--- GIVEN INFORMATION ---

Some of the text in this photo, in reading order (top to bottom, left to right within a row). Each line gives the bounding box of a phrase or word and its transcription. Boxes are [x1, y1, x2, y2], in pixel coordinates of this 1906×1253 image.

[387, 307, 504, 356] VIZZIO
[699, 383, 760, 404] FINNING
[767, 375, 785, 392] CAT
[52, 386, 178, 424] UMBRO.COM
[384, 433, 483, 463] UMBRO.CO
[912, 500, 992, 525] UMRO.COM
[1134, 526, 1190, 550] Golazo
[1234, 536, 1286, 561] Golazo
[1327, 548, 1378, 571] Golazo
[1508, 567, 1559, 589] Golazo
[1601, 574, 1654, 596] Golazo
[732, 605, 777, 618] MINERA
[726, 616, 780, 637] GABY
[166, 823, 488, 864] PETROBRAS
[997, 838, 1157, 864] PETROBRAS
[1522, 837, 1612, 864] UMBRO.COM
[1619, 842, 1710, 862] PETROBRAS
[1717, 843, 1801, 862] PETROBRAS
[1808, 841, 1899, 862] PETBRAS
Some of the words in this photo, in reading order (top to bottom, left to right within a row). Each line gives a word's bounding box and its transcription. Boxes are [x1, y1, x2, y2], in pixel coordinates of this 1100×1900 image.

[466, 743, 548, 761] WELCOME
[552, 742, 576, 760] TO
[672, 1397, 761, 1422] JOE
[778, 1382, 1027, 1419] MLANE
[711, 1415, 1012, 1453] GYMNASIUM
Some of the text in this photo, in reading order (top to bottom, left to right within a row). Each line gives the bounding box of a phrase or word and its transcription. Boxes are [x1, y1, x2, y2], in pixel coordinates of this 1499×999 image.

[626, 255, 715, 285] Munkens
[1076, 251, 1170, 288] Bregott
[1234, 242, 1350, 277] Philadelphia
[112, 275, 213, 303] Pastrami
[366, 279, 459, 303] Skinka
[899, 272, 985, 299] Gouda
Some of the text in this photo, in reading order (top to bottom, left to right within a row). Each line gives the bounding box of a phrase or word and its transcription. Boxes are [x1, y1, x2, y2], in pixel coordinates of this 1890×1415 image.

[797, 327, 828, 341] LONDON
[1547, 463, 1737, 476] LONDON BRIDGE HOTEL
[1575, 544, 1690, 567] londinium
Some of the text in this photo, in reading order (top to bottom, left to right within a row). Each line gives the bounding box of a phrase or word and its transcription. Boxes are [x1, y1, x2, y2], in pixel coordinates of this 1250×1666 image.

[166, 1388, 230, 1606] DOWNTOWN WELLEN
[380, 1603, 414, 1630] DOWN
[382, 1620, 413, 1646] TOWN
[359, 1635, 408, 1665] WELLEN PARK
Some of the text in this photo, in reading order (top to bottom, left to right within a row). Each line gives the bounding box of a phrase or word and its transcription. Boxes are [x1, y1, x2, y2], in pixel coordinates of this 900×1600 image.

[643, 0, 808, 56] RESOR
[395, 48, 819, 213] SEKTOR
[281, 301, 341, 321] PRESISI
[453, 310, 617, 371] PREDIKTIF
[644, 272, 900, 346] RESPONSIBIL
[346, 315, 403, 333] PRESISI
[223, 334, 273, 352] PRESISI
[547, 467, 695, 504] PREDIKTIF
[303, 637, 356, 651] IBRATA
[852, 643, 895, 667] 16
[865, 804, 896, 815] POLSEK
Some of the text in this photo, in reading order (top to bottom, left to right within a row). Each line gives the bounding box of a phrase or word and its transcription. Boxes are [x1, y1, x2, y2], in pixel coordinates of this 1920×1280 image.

---

**TASK TO CARRY OUT**. Your response should consist of the records, printed exactly.

**EXERCISE OUTPUT**.
Some of the text in this photo, in reading order (top to bottom, left to right within a row). Each line gives the bounding box of a phrase or word and its transcription. Boxes are [x1, y1, x2, y2], in pixel coordinates of this 1906×1253 image.

[387, 307, 504, 356] VIZZIO
[699, 383, 760, 404] FINNING
[767, 375, 785, 392] CAT
[52, 386, 178, 424] UMBRO.COM
[384, 433, 483, 463] UMBRO.CO
[912, 500, 992, 525] UMRO.COM
[1134, 526, 1190, 550] Golazo
[1234, 536, 1286, 561] Golazo
[1327, 548, 1378, 571] Golazo
[1508, 567, 1559, 589] Golazo
[1601, 574, 1654, 596] Golazo
[732, 605, 777, 618] MINERA
[726, 616, 780, 637] GABY
[166, 823, 488, 864] PETROBRAS
[997, 838, 1157, 864] PETROBRAS
[1522, 837, 1612, 864] UMBRO.COM
[1619, 842, 1710, 862] PETROBRAS
[1717, 843, 1801, 862] PETROBRAS
[1808, 841, 1899, 862] PETBRAS
Some of the words in this photo, in reading order (top to bottom, left to right within a row). Each line gives a word's bounding box and its transcription. Boxes are [x1, y1, x2, y2], in pixel coordinates of this 1100×1900 image.

[466, 743, 548, 761] WELCOME
[552, 742, 576, 760] TO
[672, 1397, 761, 1422] JOE
[778, 1382, 1027, 1419] MLANE
[711, 1415, 1012, 1453] GYMNASIUM
Some of the text in this photo, in reading order (top to bottom, left to right within a row). Each line gives the bounding box of a phrase or word and its transcription. Boxes are [x1, y1, x2, y2], in pixel coordinates of this 1499×999 image.

[626, 255, 715, 285] Munkens
[1076, 251, 1170, 288] Bregott
[1234, 242, 1350, 277] Philadelphia
[112, 275, 213, 303] Pastrami
[366, 279, 459, 303] Skinka
[899, 272, 985, 299] Gouda
Some of the text in this photo, in reading order (top to bottom, left to right within a row). Each line gives the bounding box of a phrase or word and its transcription. Boxes are [x1, y1, x2, y2], in pixel coordinates of this 1890×1415 image.

[797, 327, 828, 341] LONDON
[1547, 463, 1737, 476] LONDON BRIDGE HOTEL
[1575, 544, 1690, 567] londinium
Some of the text in this photo, in reading order (top to bottom, left to right within a row). Each line gives the bounding box of a phrase or word and its transcription. Boxes are [x1, y1, x2, y2], in pixel coordinates of this 1250×1666 image.

[166, 1388, 230, 1606] DOWNTOWN WELLEN
[380, 1603, 414, 1630] DOWN
[382, 1620, 413, 1646] TOWN
[359, 1635, 408, 1665] WELLEN PARK
Some of the text in this photo, in reading order (top to bottom, left to right within a row). Each line gives the bounding box of a phrase or word and its transcription. Boxes are [x1, y1, x2, y2], in pixel coordinates of this 900×1600 image.

[643, 0, 808, 56] RESOR
[395, 48, 819, 213] SEKTOR
[281, 301, 341, 321] PRESISI
[453, 310, 617, 371] PREDIKTIF
[644, 272, 900, 346] RESPONSIBIL
[346, 315, 403, 333] PRESISI
[223, 334, 273, 352] PRESISI
[547, 467, 695, 504] PREDIKTIF
[303, 637, 356, 651] IBRATA
[852, 643, 895, 667] 16
[865, 804, 896, 815] POLSEK
Some of the text in this photo, in reading order (top to bottom, left to right within a row). Each line gives the bounding box of a phrase or word and its transcription. Boxes are [x1, y1, x2, y2], in pixel coordinates of this 1920×1280 image.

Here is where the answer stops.